Pandemic: Contagion includes a deck of contagion cards with differing colored borders, city cards, event/WHO cards, virus cubes. On a turn you take two actions; three actions are available, and you can take the same action twice. Those actions are:

  • Draw contagion cards equal to your current infection rate.
  • Discard enough contagion cards to advance a mutation to the next level, thereby allowing you to draw more cards, place more cubes, or resist human counter-attacks.
  • Discard contagion cards matching the color of the city you want to start to infect (two cards) or infect more (one card), using any two cards as a joker, if you wish. Place cubes equal to your current transmission rate.

Each city card has a colored border (with all cities on the same continent having a matching border), a special action awarded to the player who places the final cube on the card, and three numbers; the large number shows the number of cubes needed to close the city and the number of points scored by whoever has the majority of cubes in this city when it closes, while the two smaller numbers show the points awarded to those with the second- and third-most cubes.
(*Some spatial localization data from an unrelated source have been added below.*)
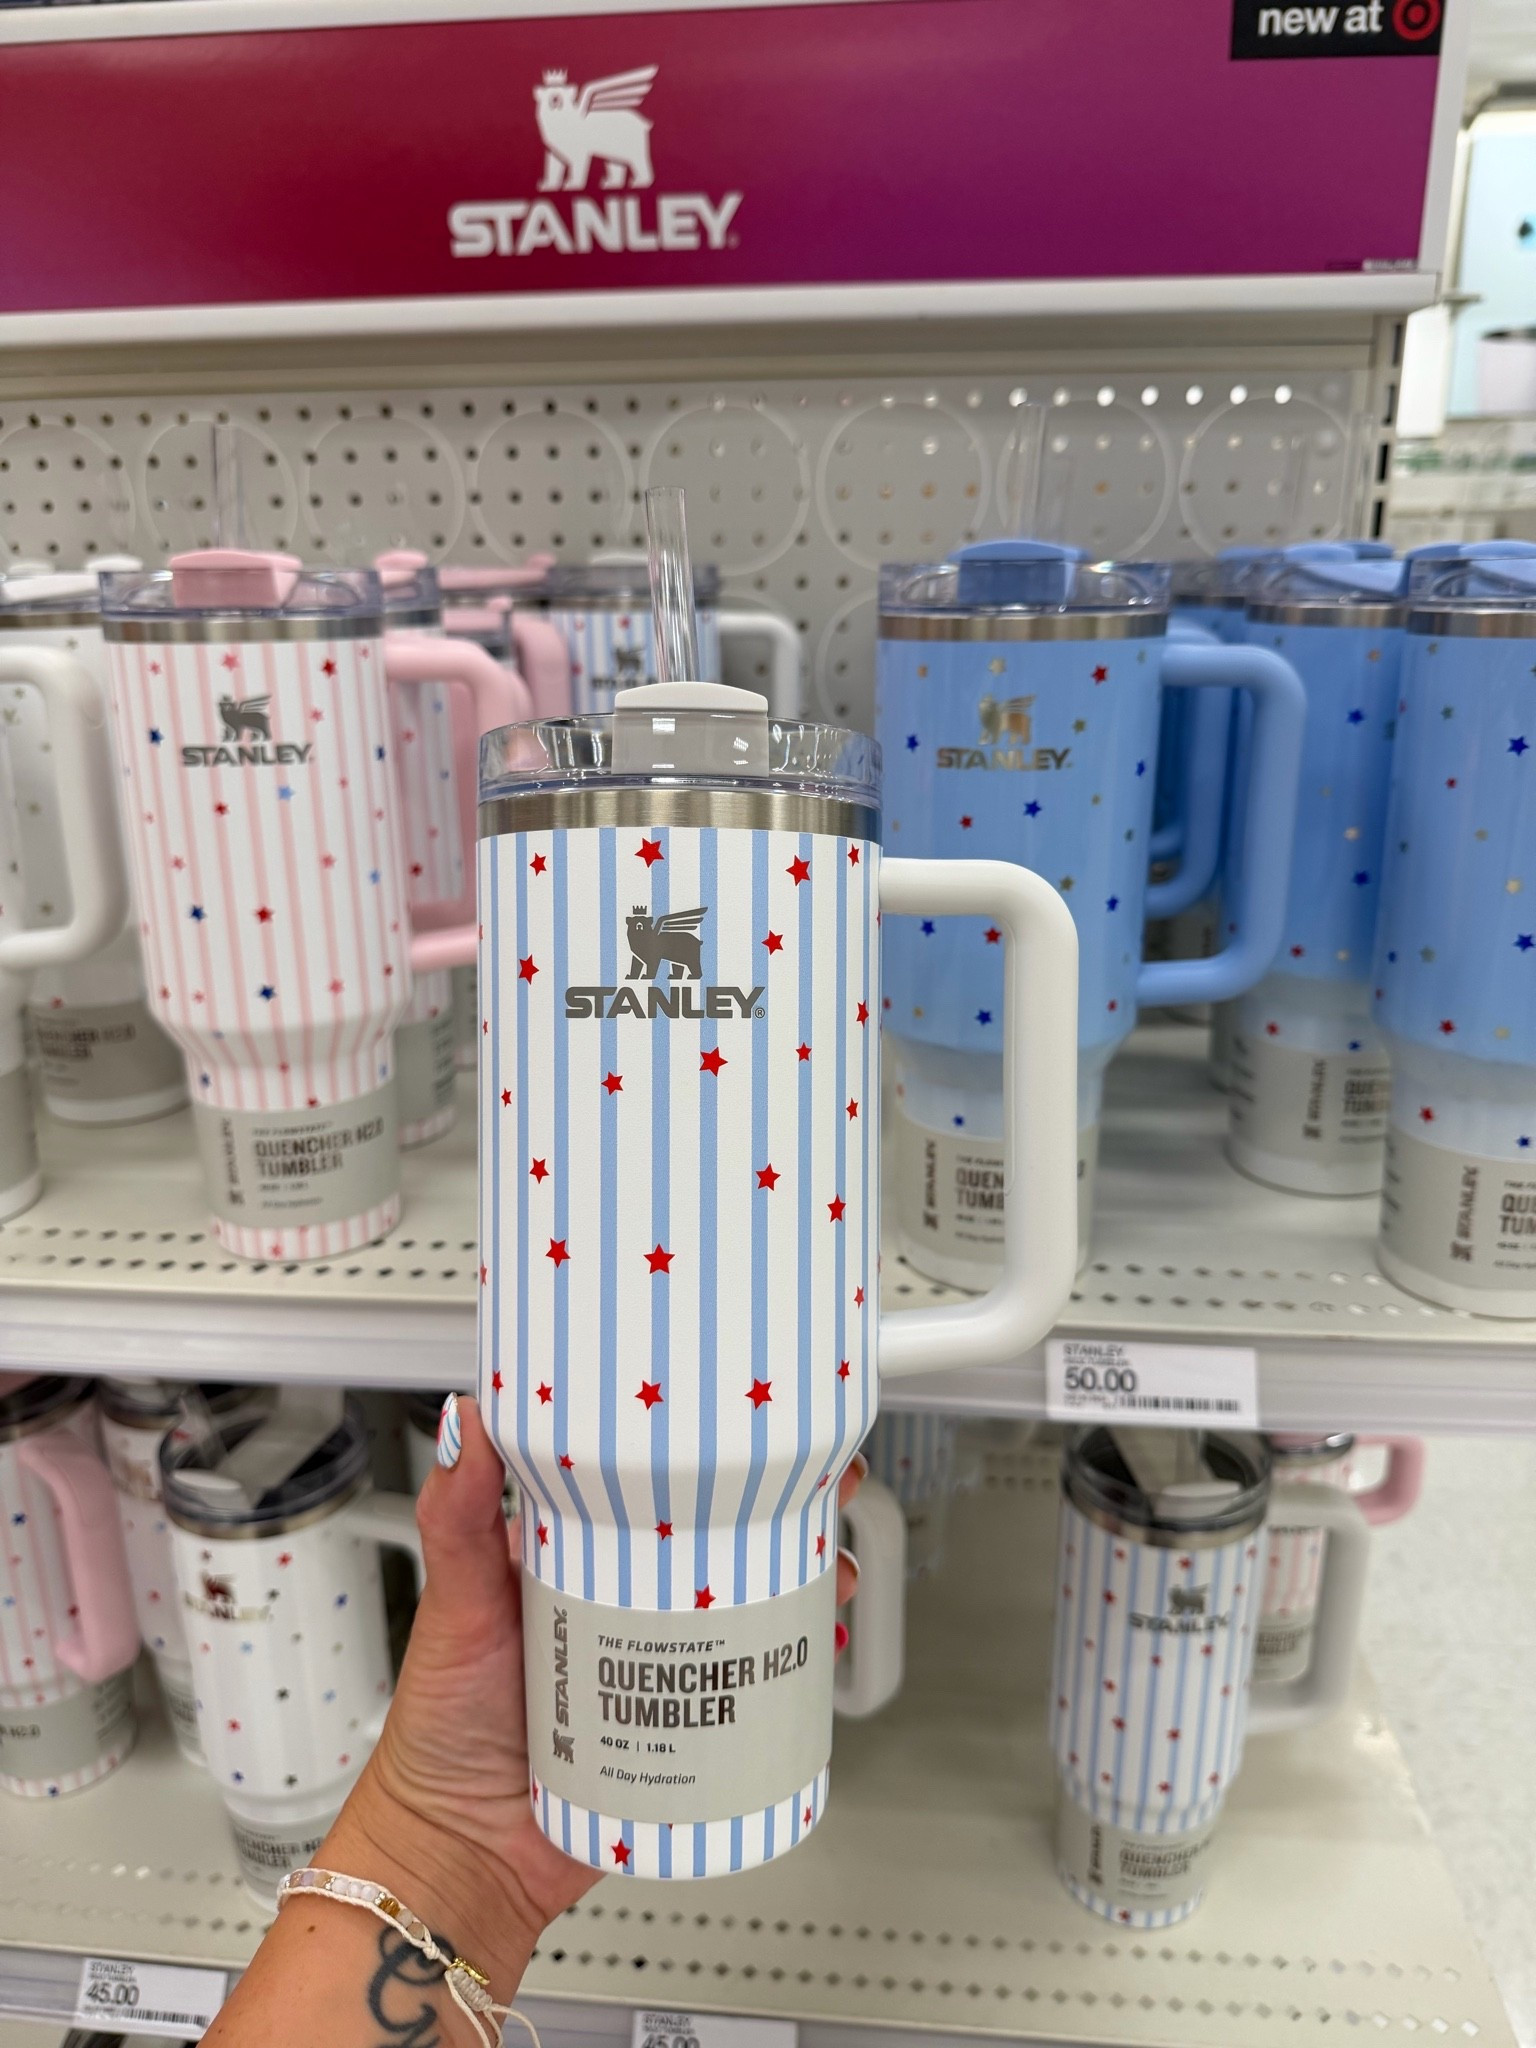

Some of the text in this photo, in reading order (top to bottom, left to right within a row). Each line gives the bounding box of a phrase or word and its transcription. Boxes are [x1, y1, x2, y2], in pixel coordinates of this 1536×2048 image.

[1257, 0, 1384, 36] new at
[1065, 1366, 1137, 1392] 50.00
[598, 1634, 624, 1650] THE
[598, 1635, 809, 1694] QUENCHER H2.0
[597, 1690, 737, 1729] TUMBLER
[600, 1735, 614, 1747] 40
[615, 1738, 630, 1750] OZ
[646, 1742, 667, 1753] 1.18
[669, 1743, 677, 1753] L
[600, 1765, 697, 1786] All Day Hydration
[86, 1980, 140, 2006] 45.00
At the start of each round after the first, you draw the top card from the event/WHO deck. Events take place at the start, end or middle of your turn, as specified on the card, and they might benefit or harm you directly — say, by giving you a contagion card for each city you infect or forcing you to remove cubes from the board — or they might affect what's possible on a turn, such as making it more or less costly to infect a city. The WHO cards are generally bad for you, but your resistance allows you to lessen whatever the penalty would be based on its level. Need to remove three cubes from the board? If your resistance is at level 3, drop it down one level and you don't have to remove any.

Some event cards feature a city icon, which brings a new city card into play, or a skull; when the second skull comes out, you have an intermediate scoring round in which whoever has the most cubes in a city scores points equal to the lowest value in that city. Once the event/WHO deck runs out or only two city cards remain in play, the game ends, with players conducting a final scoring round to see which virus is victorious.